Keywords: polyamines, putrescine, putrescine-D4, spermidine, suicide, gas chromatography–mass spectrometry

INTRODUCTION

Suicide is a major public health issue. The risk for suicide is believed to be the result from a combination of social, environmental, and genetic factors. Neurobiological studies have implicated several neurotransmitter systems in suicide, and while the traditional focus has been on monoaminergic transmission, recent evidence also suggests a role for the polyamine system in suicide and other psychiatric disorders (Fiori and Turecki, 2008; Guipponi et al, 2008; Karssen et al, 2007; Sequeira et al, 2006).

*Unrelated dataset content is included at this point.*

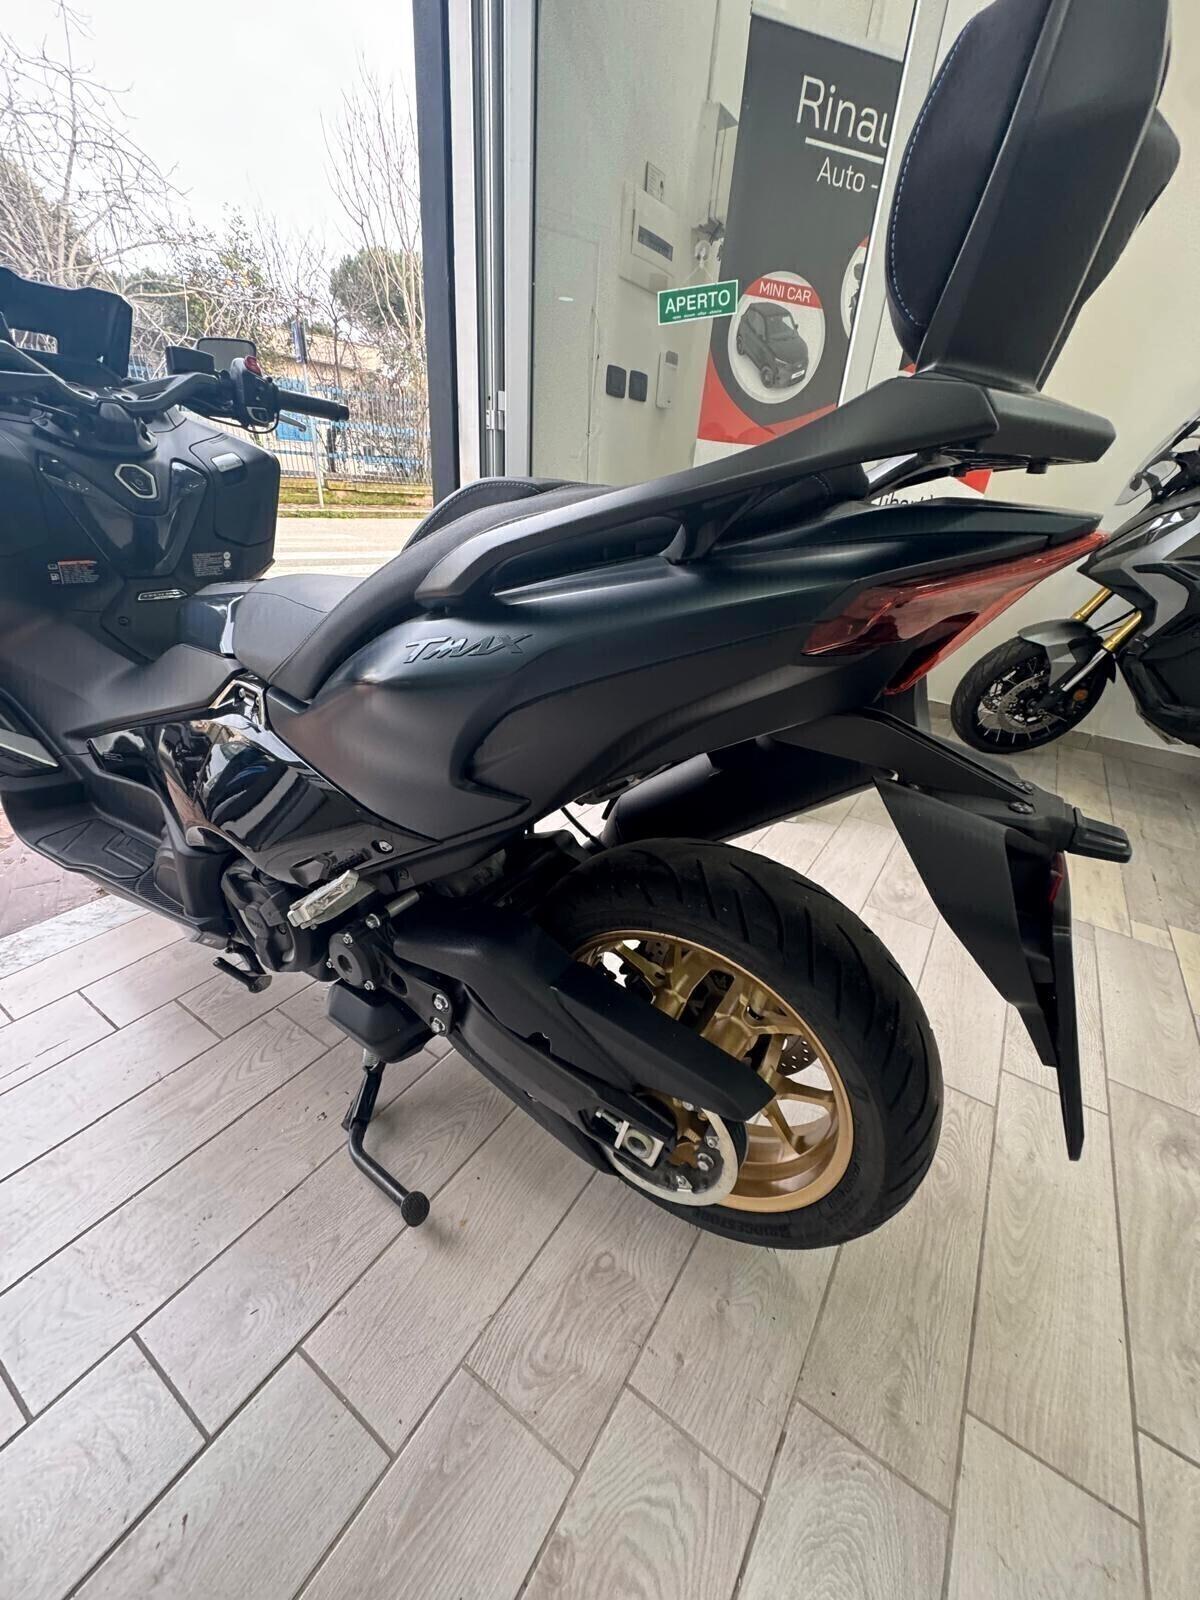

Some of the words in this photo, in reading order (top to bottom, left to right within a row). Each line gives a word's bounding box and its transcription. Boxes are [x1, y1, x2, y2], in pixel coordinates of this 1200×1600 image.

Polyamines, including putrescine (1,4-diaminobutane, PUT), spermidine (N-[3-aminopropyl]-1,4-diaminobutane, SPD), and spermine (N,N-bis[3-aminopropyl]-1,4-diaminobutane, SPM), are low molecular weight aliphatic amines that have essential roles in living organisms (Casero and Pegg, 2009; Igarashi and Kashiwagi, 2009; Pegg, 2009; Wallace et al, 2003). In mammals, polyamines are involved in many physiological functions including cell proliferation and apoptosis (Igarashi et al, 1975; Marton and Pegg, 1995; Seiler and Raul, 2005), immunity (Seiler and Atanassov, 1994), and oxidative stress response. Brain polyamines are largely stored in astrocytes and synaptic vesicles and this distribution may confer polyamines regulatory activities to a variety of receptors located on the surface of glia and neurons (Belle et al, 2004; Lovaas and Carlin, 1991; Masuko et al, 2003; Takano et al, 2005). In particular, the ability of the polyamines to modulate transmission through N-methyl--aspartate (NMDA) receptors and alpha-amino-3-hydroxy-5-methylisoxazole-4-propionic acid (AMPA) receptors have been well established (Kashiwagi et al, 1997; Kelly et al, 2009; Masuko et al, 2003; Rock and Macdonald, 1995). Polyamines have also been shown to influence the function of gamma amino-butyric acid (GABA) receptors (Gilad et al, 1992). Changes in the expression of the polyamines and their metabolic enzymes have been found in many pathological and psychiatric conditions, including schizophrenia (Ramchand et al, 1994; Svinarev, 1986), mood disorders (Genedani et al, 2001; Zomkowski et al, 2006), stress and anxiety (Gilad and Gilad, 2002; Sohn et al, 2002), and suicidal behaviors (Guipponi et al, 2008; Karssen et al, 2007; Sequeira et al, 2006, 2007).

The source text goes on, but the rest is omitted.